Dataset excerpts

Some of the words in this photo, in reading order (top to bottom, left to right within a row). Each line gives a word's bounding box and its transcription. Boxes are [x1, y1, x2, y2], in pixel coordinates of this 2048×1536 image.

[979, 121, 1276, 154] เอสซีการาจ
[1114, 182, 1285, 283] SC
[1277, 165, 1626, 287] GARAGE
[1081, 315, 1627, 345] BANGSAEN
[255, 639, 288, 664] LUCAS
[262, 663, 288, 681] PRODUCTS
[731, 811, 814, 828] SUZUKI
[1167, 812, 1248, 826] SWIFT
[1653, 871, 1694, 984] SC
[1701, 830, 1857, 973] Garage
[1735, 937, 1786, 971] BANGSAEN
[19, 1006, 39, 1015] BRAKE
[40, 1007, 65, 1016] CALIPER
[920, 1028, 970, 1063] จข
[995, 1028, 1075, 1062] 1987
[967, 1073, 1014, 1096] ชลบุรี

**The task**
Write out the data above once more, exactly as it stands.

**Response to the exercise**
Some of the words in this photo, in reading order (top to bottom, left to right within a row). Each line gives a word's bounding box and its transcription. Boxes are [x1, y1, x2, y2], in pixel coordinates of this 2048×1536 image.

[979, 121, 1276, 154] เอสซีการาจ
[1114, 182, 1285, 283] SC
[1277, 165, 1626, 287] GARAGE
[1081, 315, 1627, 345] BANGSAEN
[255, 639, 288, 664] LUCAS
[262, 663, 288, 681] PRODUCTS
[731, 811, 814, 828] SUZUKI
[1167, 812, 1248, 826] SWIFT
[1653, 871, 1694, 984] SC
[1701, 830, 1857, 973] Garage
[1735, 937, 1786, 971] BANGSAEN
[19, 1006, 39, 1015] BRAKE
[40, 1007, 65, 1016] CALIPER
[920, 1028, 970, 1063] จข
[995, 1028, 1075, 1062] 1987
[967, 1073, 1014, 1096] ชลบุรี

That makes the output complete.